- _Your objective_
For each record below, set it down exactly but leave out any picture.
- Opening Delimiter -
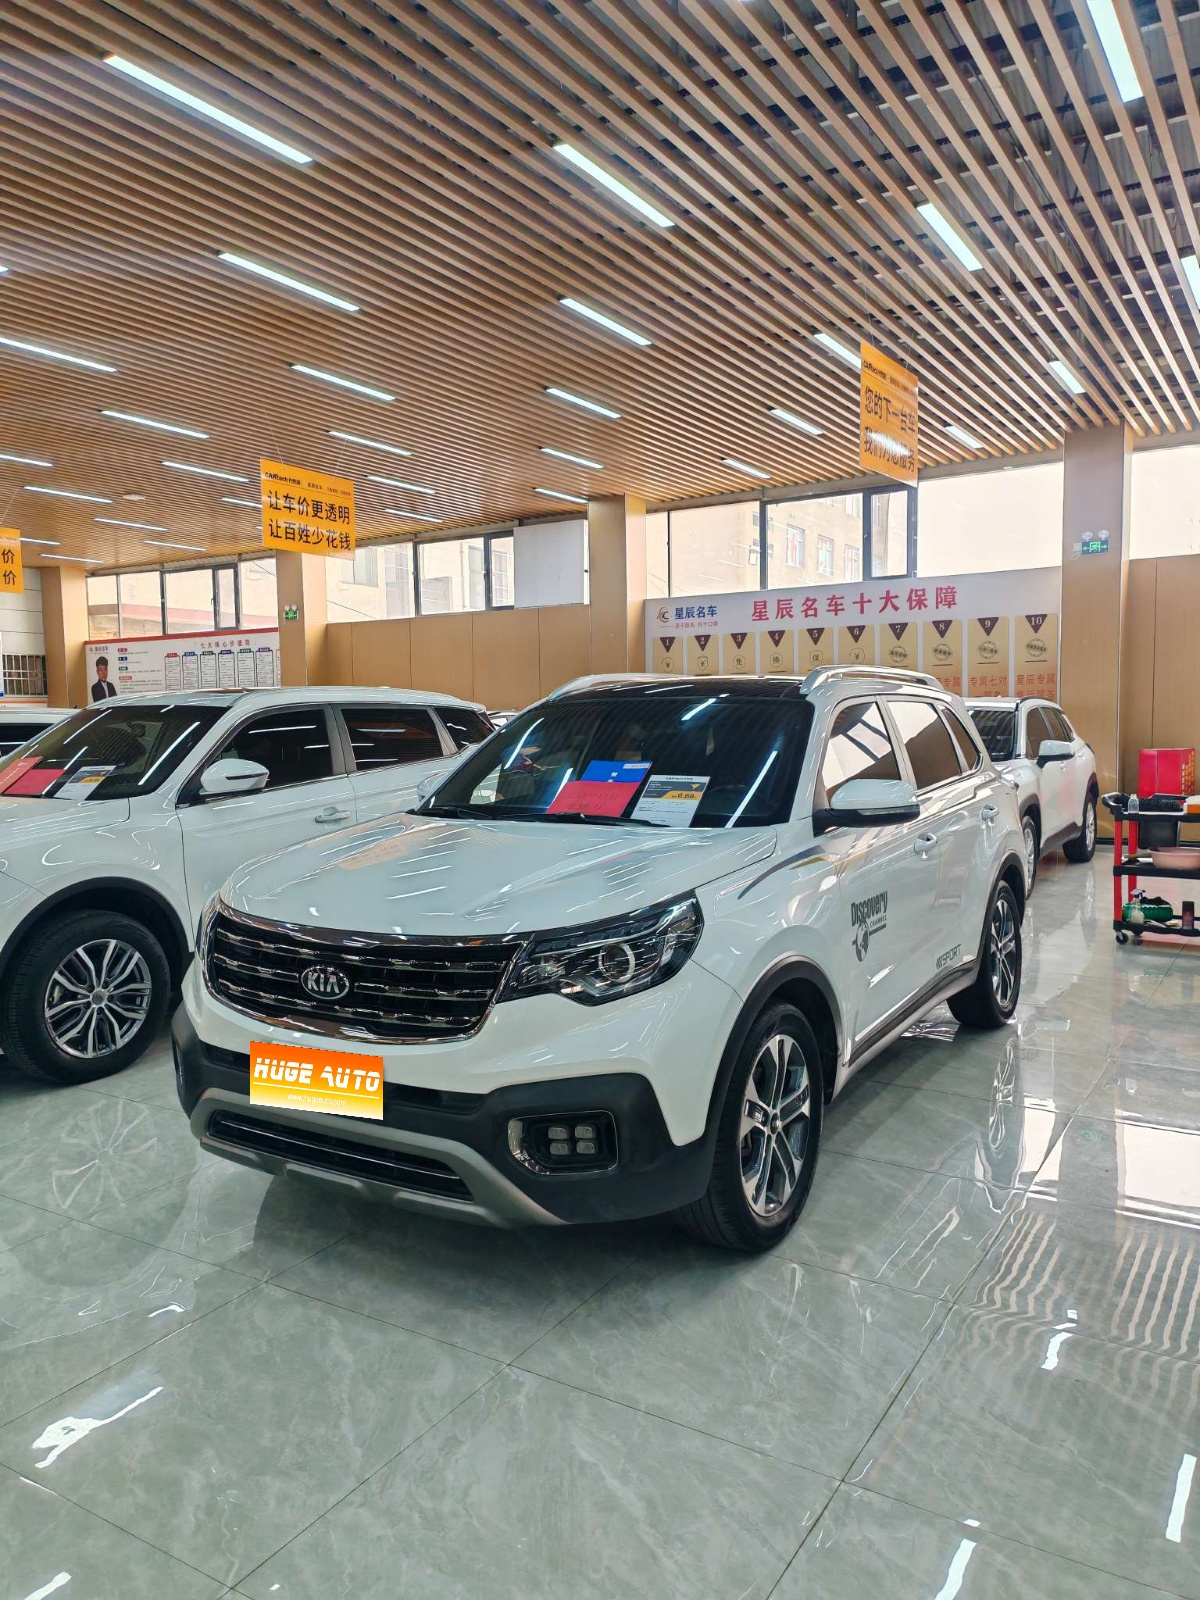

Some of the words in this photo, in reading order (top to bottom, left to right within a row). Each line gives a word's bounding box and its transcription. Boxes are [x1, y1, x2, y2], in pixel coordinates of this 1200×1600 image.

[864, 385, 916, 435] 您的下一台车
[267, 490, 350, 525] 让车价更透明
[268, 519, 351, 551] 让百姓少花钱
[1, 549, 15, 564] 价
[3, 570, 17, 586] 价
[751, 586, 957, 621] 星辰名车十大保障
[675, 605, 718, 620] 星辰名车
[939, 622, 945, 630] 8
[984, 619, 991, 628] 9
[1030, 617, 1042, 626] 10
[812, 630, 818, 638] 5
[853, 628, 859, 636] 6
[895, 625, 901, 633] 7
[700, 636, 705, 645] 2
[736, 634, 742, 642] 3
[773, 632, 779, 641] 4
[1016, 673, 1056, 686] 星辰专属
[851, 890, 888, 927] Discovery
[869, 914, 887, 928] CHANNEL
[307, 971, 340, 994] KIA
- Closing Delimiter -
- _The answer_
Some of the words in this photo, in reading order (top to bottom, left to right within a row). Each line gives a word's bounding box and its transcription. Boxes are [x1, y1, x2, y2], in pixel coordinates of this 1200×1600 image.

[864, 385, 916, 435] 您的下一台车
[267, 490, 350, 525] 让车价更透明
[268, 519, 351, 551] 让百姓少花钱
[1, 549, 15, 564] 价
[3, 570, 17, 586] 价
[751, 586, 957, 621] 星辰名车十大保障
[675, 605, 718, 620] 星辰名车
[939, 622, 945, 630] 8
[984, 619, 991, 628] 9
[1030, 617, 1042, 626] 10
[812, 630, 818, 638] 5
[853, 628, 859, 636] 6
[895, 625, 901, 633] 7
[700, 636, 705, 645] 2
[736, 634, 742, 642] 3
[773, 632, 779, 641] 4
[1016, 673, 1056, 686] 星辰专属
[851, 890, 888, 927] Discovery
[869, 914, 887, 928] CHANNEL
[307, 971, 340, 994] KIA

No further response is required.